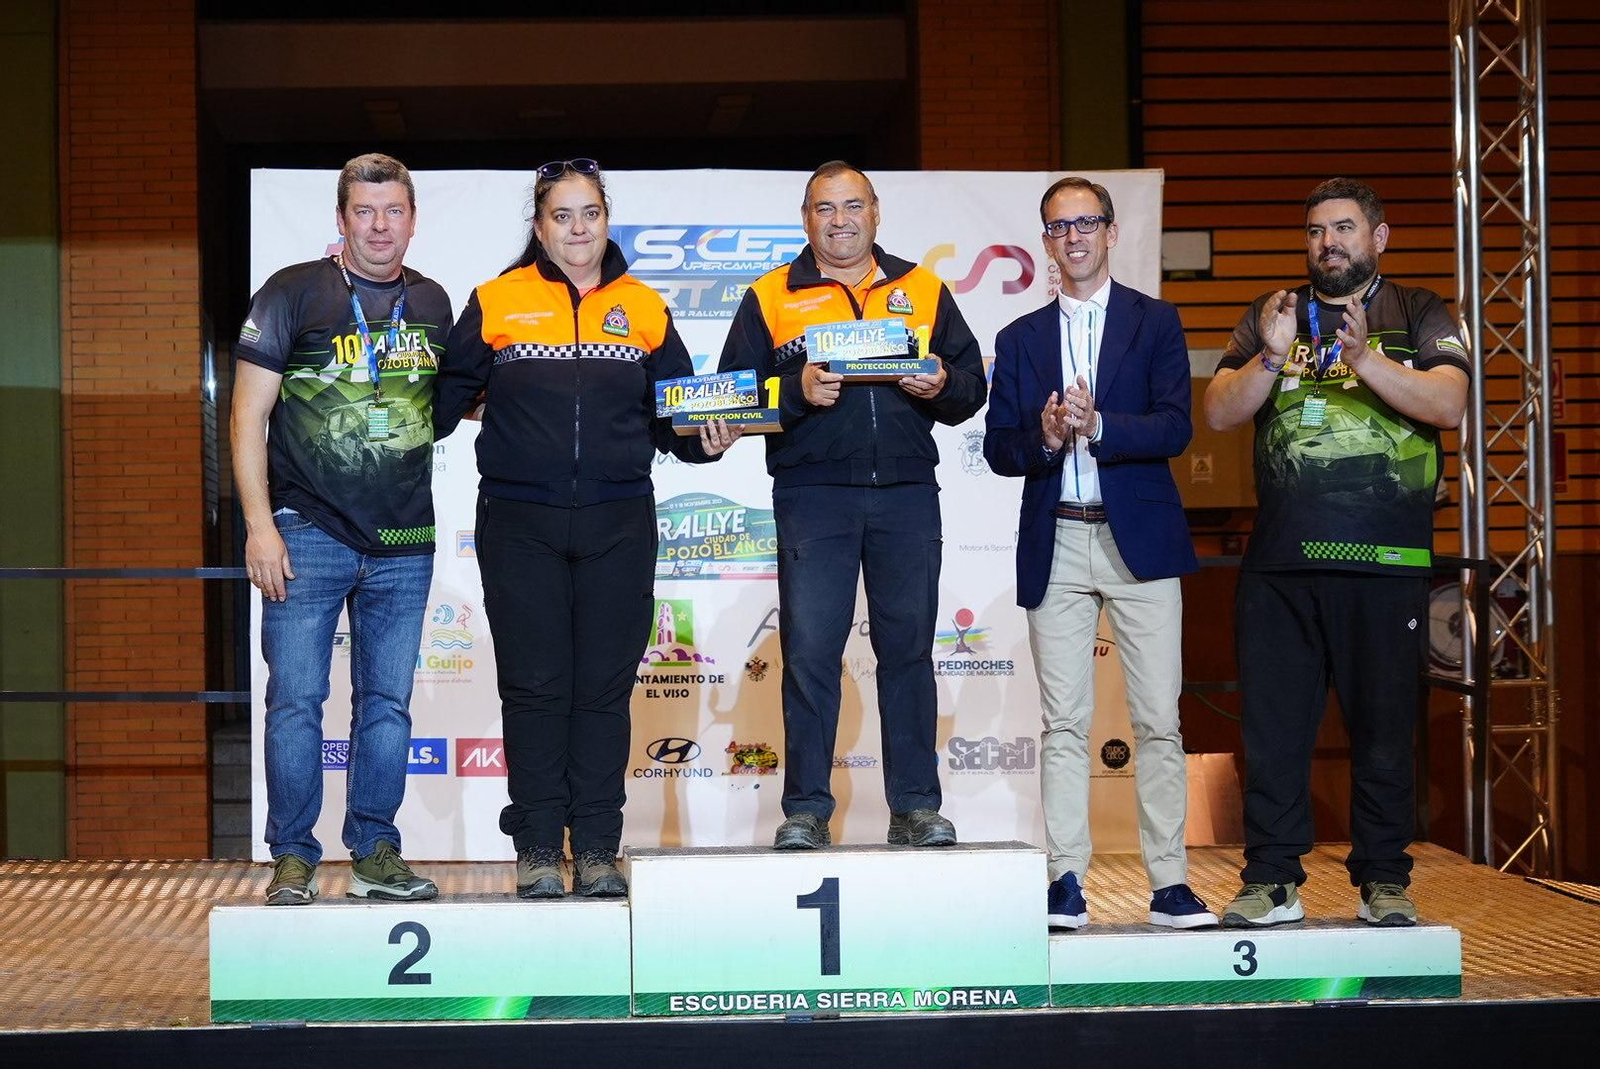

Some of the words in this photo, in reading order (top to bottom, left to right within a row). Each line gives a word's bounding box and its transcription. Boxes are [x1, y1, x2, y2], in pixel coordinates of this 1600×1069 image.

[332, 334, 359, 365] 10
[813, 331, 834, 353] 10
[835, 327, 886, 346] RALLYE
[846, 362, 899, 370] PROTECCION
[663, 386, 684, 407] 10
[684, 380, 736, 400] RALLYE
[764, 376, 781, 409] 1
[688, 413, 741, 421] PROTECCION
[658, 508, 747, 541] RALLYE
[666, 538, 778, 560] POZOBLANCO
[703, 534, 737, 544] CIUDAD
[740, 533, 751, 541] DE
[427, 654, 473, 674] Guijo
[938, 660, 1014, 670] PEDROCHES
[635, 674, 706, 684] NTAMIENTO
[709, 674, 725, 683] DE
[646, 689, 660, 698] EL
[663, 689, 690, 698] VISO
[633, 768, 713, 778] CORHYUND
[797, 877, 841, 976] 1
[388, 921, 432, 985] 2
[1233, 940, 1258, 976] 3
[670, 993, 809, 1012] ESCUDERIA
[816, 991, 906, 1009] SIERRA
[914, 989, 1018, 1007] MORENA
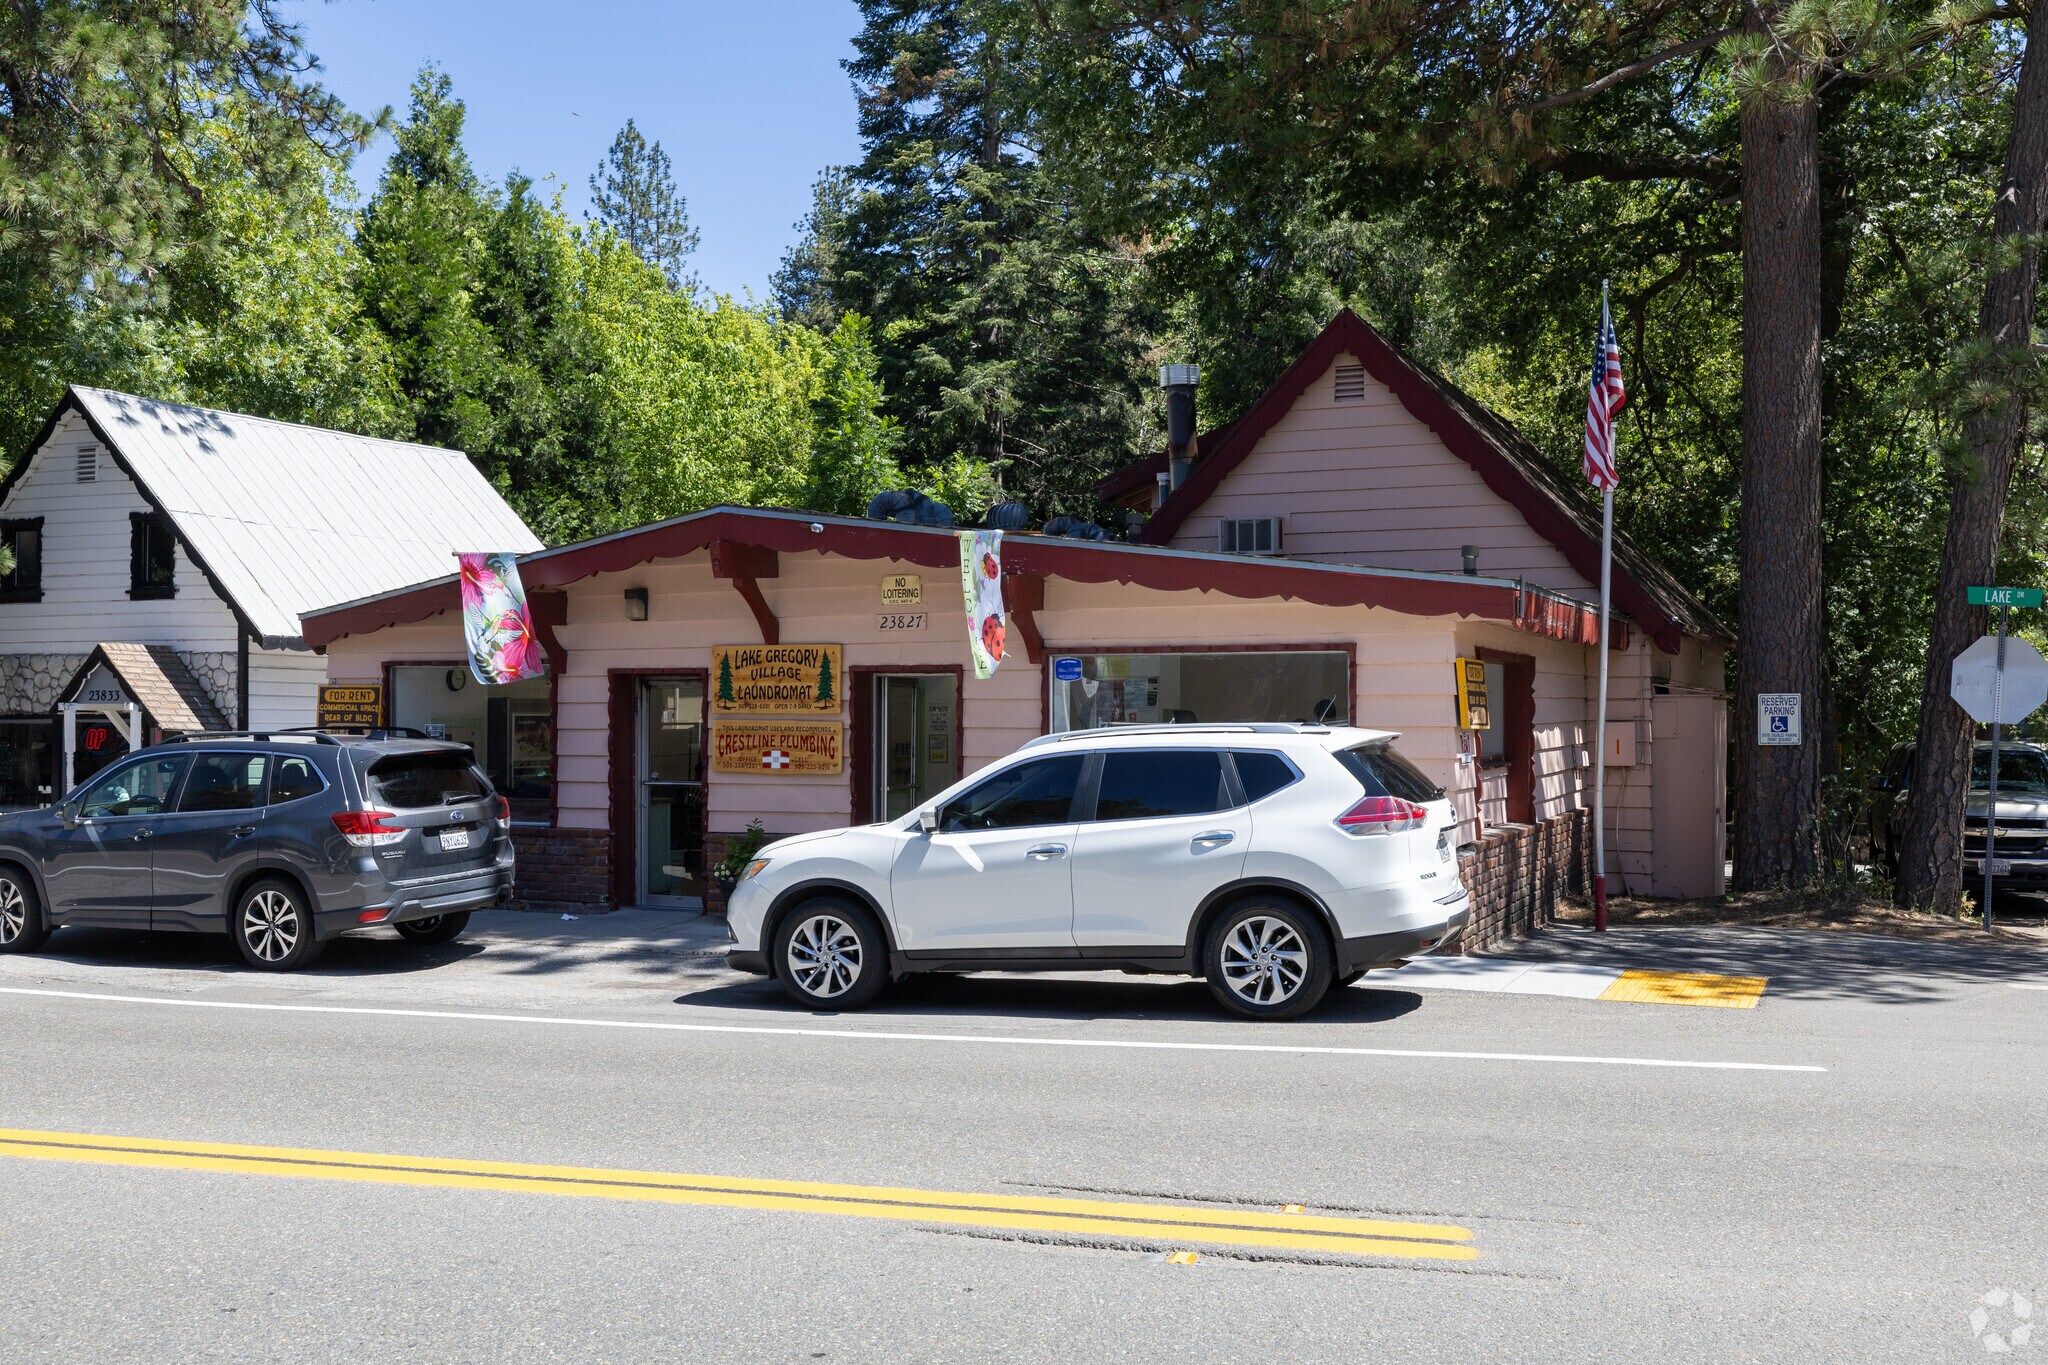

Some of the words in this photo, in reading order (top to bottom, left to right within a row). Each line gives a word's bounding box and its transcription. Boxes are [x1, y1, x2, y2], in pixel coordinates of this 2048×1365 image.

[895, 577, 906, 588] NO
[883, 588, 919, 599] LOITERING
[1985, 589, 2012, 604] LAKE
[880, 614, 923, 629] 23827
[735, 650, 762, 670] LAKE
[766, 649, 818, 668] GREGORY
[751, 667, 801, 681] VILLAGE
[88, 690, 120, 701] 23833
[329, 691, 345, 701] FOR
[348, 690, 371, 701] RENT
[738, 685, 813, 700] LAUNDROMAT
[1761, 697, 1797, 706] RESERVED
[319, 703, 358, 711] COMMERCIAL
[360, 704, 380, 712] SPACE
[1764, 706, 1794, 715] PARKING
[324, 714, 341, 722] REAR
[343, 714, 352, 722] OF
[355, 714, 372, 722] BLDG
[718, 733, 776, 758] CRESTLINE
[780, 734, 835, 760] PLUMBING

## Problem description
When you transcribe these entries, keep every word exact and drop the pictures.

## Written response
Some of the words in this photo, in reading order (top to bottom, left to right within a row). Each line gives a word's bounding box and its transcription. Boxes are [x1, y1, x2, y2], in pixel coordinates of this 1600×1069 image.

[332, 334, 359, 365] 10
[813, 331, 834, 353] 10
[835, 327, 886, 346] RALLYE
[846, 362, 899, 370] PROTECCION
[663, 386, 684, 407] 10
[684, 380, 736, 400] RALLYE
[764, 376, 781, 409] 1
[688, 413, 741, 421] PROTECCION
[658, 508, 747, 541] RALLYE
[666, 538, 778, 560] POZOBLANCO
[703, 534, 737, 544] CIUDAD
[740, 533, 751, 541] DE
[427, 654, 473, 674] Guijo
[938, 660, 1014, 670] PEDROCHES
[635, 674, 706, 684] NTAMIENTO
[709, 674, 725, 683] DE
[646, 689, 660, 698] EL
[663, 689, 690, 698] VISO
[633, 768, 713, 778] CORHYUND
[797, 877, 841, 976] 1
[388, 921, 432, 985] 2
[1233, 940, 1258, 976] 3
[670, 993, 809, 1012] ESCUDERIA
[816, 991, 906, 1009] SIERRA
[914, 989, 1018, 1007] MORENA

Some of the words in this photo, in reading order (top to bottom, left to right within a row). Each line gives a word's bounding box and its transcription. Boxes are [x1, y1, x2, y2], in pixel coordinates of this 2048×1365 image.

[895, 577, 906, 588] NO
[883, 588, 919, 599] LOITERING
[1985, 589, 2012, 604] LAKE
[880, 614, 923, 629] 23827
[735, 650, 762, 670] LAKE
[766, 649, 818, 668] GREGORY
[751, 667, 801, 681] VILLAGE
[88, 690, 120, 701] 23833
[329, 691, 345, 701] FOR
[348, 690, 371, 701] RENT
[738, 685, 813, 700] LAUNDROMAT
[1761, 697, 1797, 706] RESERVED
[319, 703, 358, 711] COMMERCIAL
[360, 704, 380, 712] SPACE
[1764, 706, 1794, 715] PARKING
[324, 714, 341, 722] REAR
[343, 714, 352, 722] OF
[355, 714, 372, 722] BLDG
[718, 733, 776, 758] CRESTLINE
[780, 734, 835, 760] PLUMBING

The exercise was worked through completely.